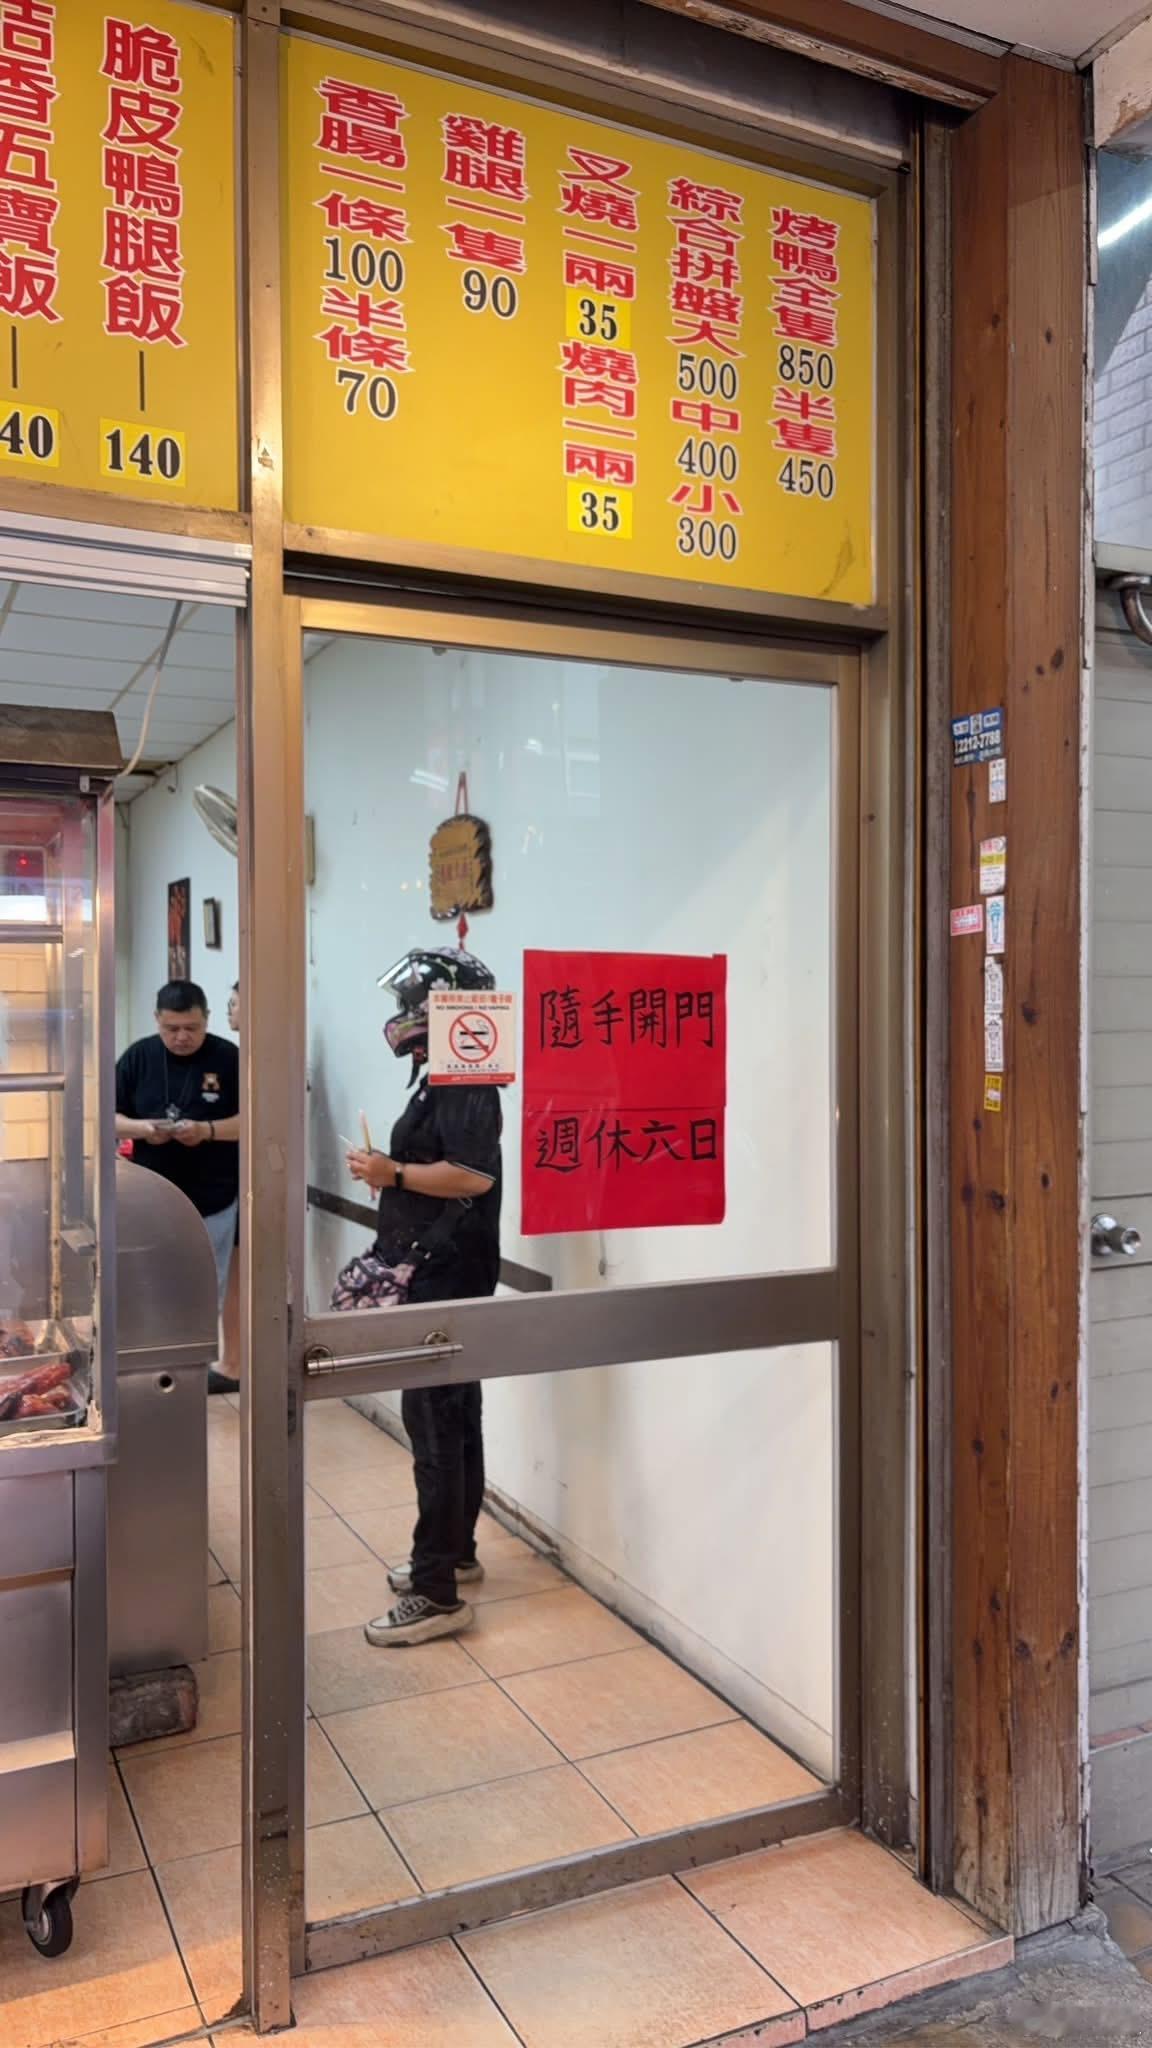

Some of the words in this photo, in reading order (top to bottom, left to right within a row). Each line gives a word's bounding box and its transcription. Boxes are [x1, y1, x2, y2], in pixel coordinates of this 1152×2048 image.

[101, 17, 186, 346] 脆皮鴨腿飯
[315, 77, 411, 243] 香腸一條
[440, 112, 528, 274] 雞腿一隻
[559, 146, 640, 299] 叉燒一兩
[325, 238, 403, 293] 100
[769, 207, 840, 348] 烤鴨全隻
[463, 269, 517, 318] 90
[579, 298, 617, 340] 35
[315, 288, 412, 372] 半條
[678, 354, 737, 400] 500
[779, 346, 834, 389] 850
[337, 370, 397, 419] 70
[559, 340, 638, 485] 燒肉一兩
[671, 399, 741, 433] 中
[769, 386, 835, 458] 半隻
[105, 428, 181, 479] 140
[678, 438, 737, 481] 400
[779, 458, 834, 499] 450
[581, 492, 619, 532] 35
[669, 484, 743, 514] 小
[678, 517, 737, 560] 300
[539, 984, 716, 1052] 隨手開門
[535, 1117, 716, 1173] 週休六日
-----
### Task details
Print the entries above word for word, without pictures.

### Expected answer
Some of the words in this photo, in reading order (top to bottom, left to right within a row). Each line gives a word's bounding box and its transcription. Boxes are [x1, y1, x2, y2], in pixel coordinates of this 1152×2048 image.

[101, 17, 186, 346] 脆皮鴨腿飯
[315, 77, 411, 243] 香腸一條
[440, 112, 528, 274] 雞腿一隻
[559, 146, 640, 299] 叉燒一兩
[325, 238, 403, 293] 100
[769, 207, 840, 348] 烤鴨全隻
[463, 269, 517, 318] 90
[579, 298, 617, 340] 35
[315, 288, 412, 372] 半條
[678, 354, 737, 400] 500
[779, 346, 834, 389] 850
[337, 370, 397, 419] 70
[559, 340, 638, 485] 燒肉一兩
[671, 399, 741, 433] 中
[769, 386, 835, 458] 半隻
[105, 428, 181, 479] 140
[678, 438, 737, 481] 400
[779, 458, 834, 499] 450
[581, 492, 619, 532] 35
[669, 484, 743, 514] 小
[678, 517, 737, 560] 300
[539, 984, 716, 1052] 隨手開門
[535, 1117, 716, 1173] 週休六日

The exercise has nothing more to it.